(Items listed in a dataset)
[Start of Attachment]
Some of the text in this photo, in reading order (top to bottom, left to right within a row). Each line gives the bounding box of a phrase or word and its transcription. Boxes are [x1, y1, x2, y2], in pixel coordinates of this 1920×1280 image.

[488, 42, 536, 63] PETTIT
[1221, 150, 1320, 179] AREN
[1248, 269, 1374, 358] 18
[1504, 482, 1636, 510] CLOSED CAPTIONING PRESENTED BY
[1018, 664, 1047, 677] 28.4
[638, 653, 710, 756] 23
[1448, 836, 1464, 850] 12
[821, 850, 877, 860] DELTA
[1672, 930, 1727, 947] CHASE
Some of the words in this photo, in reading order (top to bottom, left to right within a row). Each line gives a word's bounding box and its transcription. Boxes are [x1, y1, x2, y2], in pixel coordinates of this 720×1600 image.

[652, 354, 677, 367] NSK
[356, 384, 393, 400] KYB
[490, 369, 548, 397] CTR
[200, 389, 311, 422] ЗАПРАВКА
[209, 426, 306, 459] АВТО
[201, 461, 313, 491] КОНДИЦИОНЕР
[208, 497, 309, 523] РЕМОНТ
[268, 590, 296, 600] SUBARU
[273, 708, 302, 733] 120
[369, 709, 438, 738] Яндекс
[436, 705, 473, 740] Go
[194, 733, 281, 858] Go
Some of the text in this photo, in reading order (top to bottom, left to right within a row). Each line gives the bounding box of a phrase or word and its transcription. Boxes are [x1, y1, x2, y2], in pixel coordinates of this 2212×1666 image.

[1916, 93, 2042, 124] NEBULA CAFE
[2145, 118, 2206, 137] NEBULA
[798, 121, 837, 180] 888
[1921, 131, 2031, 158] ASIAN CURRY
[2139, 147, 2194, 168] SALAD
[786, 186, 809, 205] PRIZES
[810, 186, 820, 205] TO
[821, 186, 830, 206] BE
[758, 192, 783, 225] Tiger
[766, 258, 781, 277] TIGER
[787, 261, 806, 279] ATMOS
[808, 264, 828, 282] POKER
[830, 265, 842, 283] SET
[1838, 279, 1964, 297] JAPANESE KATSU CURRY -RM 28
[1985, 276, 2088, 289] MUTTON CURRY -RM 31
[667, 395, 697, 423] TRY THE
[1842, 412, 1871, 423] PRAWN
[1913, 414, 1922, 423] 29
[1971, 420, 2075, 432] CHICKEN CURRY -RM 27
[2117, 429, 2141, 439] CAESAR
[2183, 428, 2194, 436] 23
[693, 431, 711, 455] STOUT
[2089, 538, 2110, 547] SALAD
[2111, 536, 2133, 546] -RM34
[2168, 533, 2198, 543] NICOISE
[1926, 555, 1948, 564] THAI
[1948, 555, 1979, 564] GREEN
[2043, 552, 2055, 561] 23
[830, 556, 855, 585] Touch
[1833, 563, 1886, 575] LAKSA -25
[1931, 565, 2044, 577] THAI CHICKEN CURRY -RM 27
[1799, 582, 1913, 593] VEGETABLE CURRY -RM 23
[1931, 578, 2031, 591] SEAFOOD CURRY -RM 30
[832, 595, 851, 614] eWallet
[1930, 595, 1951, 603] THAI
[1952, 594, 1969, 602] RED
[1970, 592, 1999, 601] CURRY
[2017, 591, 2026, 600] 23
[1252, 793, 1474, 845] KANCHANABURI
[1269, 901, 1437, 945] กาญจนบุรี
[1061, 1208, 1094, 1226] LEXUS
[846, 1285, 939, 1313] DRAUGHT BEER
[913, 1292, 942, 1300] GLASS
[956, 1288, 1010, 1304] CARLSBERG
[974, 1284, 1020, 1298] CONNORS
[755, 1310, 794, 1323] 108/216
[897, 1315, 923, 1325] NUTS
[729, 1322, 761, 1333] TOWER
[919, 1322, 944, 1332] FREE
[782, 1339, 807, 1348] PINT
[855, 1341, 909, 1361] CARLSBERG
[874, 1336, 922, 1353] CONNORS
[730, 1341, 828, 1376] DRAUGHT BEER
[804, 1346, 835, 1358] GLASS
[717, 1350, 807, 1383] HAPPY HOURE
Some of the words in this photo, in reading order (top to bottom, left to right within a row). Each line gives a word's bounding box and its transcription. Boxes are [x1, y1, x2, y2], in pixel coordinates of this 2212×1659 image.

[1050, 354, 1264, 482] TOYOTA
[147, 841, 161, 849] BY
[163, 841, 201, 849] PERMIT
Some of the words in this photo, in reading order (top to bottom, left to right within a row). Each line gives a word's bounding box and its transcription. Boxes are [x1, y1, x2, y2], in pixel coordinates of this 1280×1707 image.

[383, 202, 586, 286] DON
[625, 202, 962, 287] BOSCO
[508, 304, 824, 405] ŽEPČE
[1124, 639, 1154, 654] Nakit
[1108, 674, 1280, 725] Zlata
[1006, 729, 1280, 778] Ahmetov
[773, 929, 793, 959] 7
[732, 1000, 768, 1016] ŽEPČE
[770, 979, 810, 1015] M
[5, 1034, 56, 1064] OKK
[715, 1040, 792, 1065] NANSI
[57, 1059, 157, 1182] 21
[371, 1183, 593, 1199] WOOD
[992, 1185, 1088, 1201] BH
[End of Attachment]
### Problem
Each line above is to be restated exactly as it stands.

### Exercise result
Some of the text in this photo, in reading order (top to bottom, left to right within a row). Each line gives the bounding box of a phrase or word and its transcription. Boxes are [x1, y1, x2, y2], in pixel coordinates of this 1920×1280 image.

[488, 42, 536, 63] PETTIT
[1221, 150, 1320, 179] AREN
[1248, 269, 1374, 358] 18
[1504, 482, 1636, 510] CLOSED CAPTIONING PRESENTED BY
[1018, 664, 1047, 677] 28.4
[638, 653, 710, 756] 23
[1448, 836, 1464, 850] 12
[821, 850, 877, 860] DELTA
[1672, 930, 1727, 947] CHASE
Some of the words in this photo, in reading order (top to bottom, left to right within a row). Each line gives a word's bounding box and its transcription. Boxes are [x1, y1, x2, y2], in pixel coordinates of this 720×1600 image.

[652, 354, 677, 367] NSK
[356, 384, 393, 400] KYB
[490, 369, 548, 397] CTR
[200, 389, 311, 422] ЗАПРАВКА
[209, 426, 306, 459] АВТО
[201, 461, 313, 491] КОНДИЦИОНЕР
[208, 497, 309, 523] РЕМОНТ
[268, 590, 296, 600] SUBARU
[273, 708, 302, 733] 120
[369, 709, 438, 738] Яндекс
[436, 705, 473, 740] Go
[194, 733, 281, 858] Go
Some of the text in this photo, in reading order (top to bottom, left to right within a row). Each line gives the bounding box of a phrase or word and its transcription. Boxes are [x1, y1, x2, y2], in pixel coordinates of this 2212×1666 image.

[1916, 93, 2042, 124] NEBULA CAFE
[2145, 118, 2206, 137] NEBULA
[798, 121, 837, 180] 888
[1921, 131, 2031, 158] ASIAN CURRY
[2139, 147, 2194, 168] SALAD
[786, 186, 809, 205] PRIZES
[810, 186, 820, 205] TO
[821, 186, 830, 206] BE
[758, 192, 783, 225] Tiger
[766, 258, 781, 277] TIGER
[787, 261, 806, 279] ATMOS
[808, 264, 828, 282] POKER
[830, 265, 842, 283] SET
[1838, 279, 1964, 297] JAPANESE KATSU CURRY -RM 28
[1985, 276, 2088, 289] MUTTON CURRY -RM 31
[667, 395, 697, 423] TRY THE
[1842, 412, 1871, 423] PRAWN
[1913, 414, 1922, 423] 29
[1971, 420, 2075, 432] CHICKEN CURRY -RM 27
[2117, 429, 2141, 439] CAESAR
[2183, 428, 2194, 436] 23
[693, 431, 711, 455] STOUT
[2089, 538, 2110, 547] SALAD
[2111, 536, 2133, 546] -RM34
[2168, 533, 2198, 543] NICOISE
[1926, 555, 1948, 564] THAI
[1948, 555, 1979, 564] GREEN
[2043, 552, 2055, 561] 23
[830, 556, 855, 585] Touch
[1833, 563, 1886, 575] LAKSA -25
[1931, 565, 2044, 577] THAI CHICKEN CURRY -RM 27
[1799, 582, 1913, 593] VEGETABLE CURRY -RM 23
[1931, 578, 2031, 591] SEAFOOD CURRY -RM 30
[832, 595, 851, 614] eWallet
[1930, 595, 1951, 603] THAI
[1952, 594, 1969, 602] RED
[1970, 592, 1999, 601] CURRY
[2017, 591, 2026, 600] 23
[1252, 793, 1474, 845] KANCHANABURI
[1269, 901, 1437, 945] กาญจนบุรี
[1061, 1208, 1094, 1226] LEXUS
[846, 1285, 939, 1313] DRAUGHT BEER
[913, 1292, 942, 1300] GLASS
[956, 1288, 1010, 1304] CARLSBERG
[974, 1284, 1020, 1298] CONNORS
[755, 1310, 794, 1323] 108/216
[897, 1315, 923, 1325] NUTS
[729, 1322, 761, 1333] TOWER
[919, 1322, 944, 1332] FREE
[782, 1339, 807, 1348] PINT
[855, 1341, 909, 1361] CARLSBERG
[874, 1336, 922, 1353] CONNORS
[730, 1341, 828, 1376] DRAUGHT BEER
[804, 1346, 835, 1358] GLASS
[717, 1350, 807, 1383] HAPPY HOURE
Some of the words in this photo, in reading order (top to bottom, left to right within a row). Each line gives a word's bounding box and its transcription. Boxes are [x1, y1, x2, y2], in pixel coordinates of this 2212×1659 image.

[1050, 354, 1264, 482] TOYOTA
[147, 841, 161, 849] BY
[163, 841, 201, 849] PERMIT
Some of the words in this photo, in reading order (top to bottom, left to right within a row). Each line gives a word's bounding box and its transcription. Boxes are [x1, y1, x2, y2], in pixel coordinates of this 1280×1707 image.

[383, 202, 586, 286] DON
[625, 202, 962, 287] BOSCO
[508, 304, 824, 405] ŽEPČE
[1124, 639, 1154, 654] Nakit
[1108, 674, 1280, 725] Zlata
[1006, 729, 1280, 778] Ahmetov
[773, 929, 793, 959] 7
[732, 1000, 768, 1016] ŽEPČE
[770, 979, 810, 1015] M
[5, 1034, 56, 1064] OKK
[715, 1040, 792, 1065] NANSI
[57, 1059, 157, 1182] 21
[371, 1183, 593, 1199] WOOD
[992, 1185, 1088, 1201] BH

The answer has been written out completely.